Instructions to follow: Your answer must be an exact copy of the data, without any pictures.

Input:
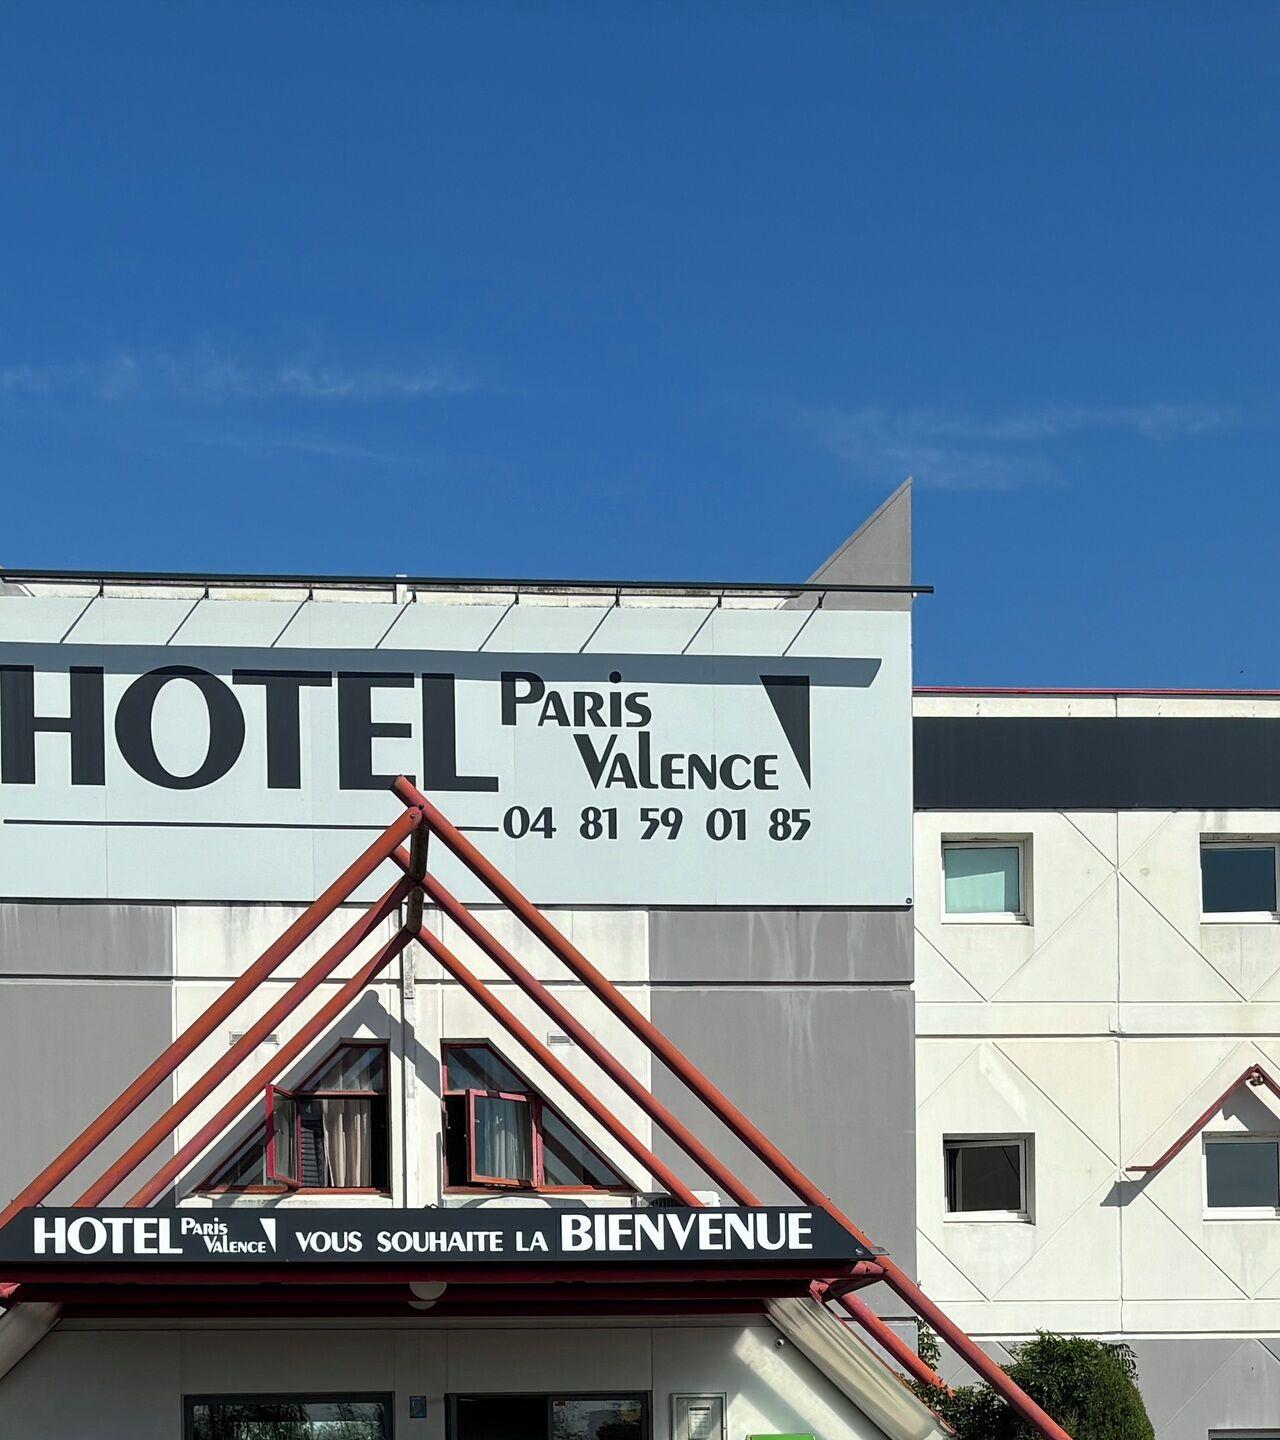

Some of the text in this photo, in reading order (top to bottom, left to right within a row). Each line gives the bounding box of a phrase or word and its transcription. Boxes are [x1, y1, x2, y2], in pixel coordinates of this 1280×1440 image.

[0, 664, 499, 791] HOTEL
[503, 805, 811, 841] 04 81 59 01 85
[33, 1216, 184, 1255] HOTEL
[295, 1213, 813, 1253] VOUS SOUHAITE LA BIENVENUE

Written solution:
Some of the text in this photo, in reading order (top to bottom, left to right within a row). Each line gives the bounding box of a phrase or word and its transcription. Boxes are [x1, y1, x2, y2], in pixel coordinates of this 1280×1440 image.

[0, 664, 499, 791] HOTEL
[503, 805, 811, 841] 04 81 59 01 85
[33, 1216, 184, 1255] HOTEL
[295, 1213, 813, 1253] VOUS SOUHAITE LA BIENVENUE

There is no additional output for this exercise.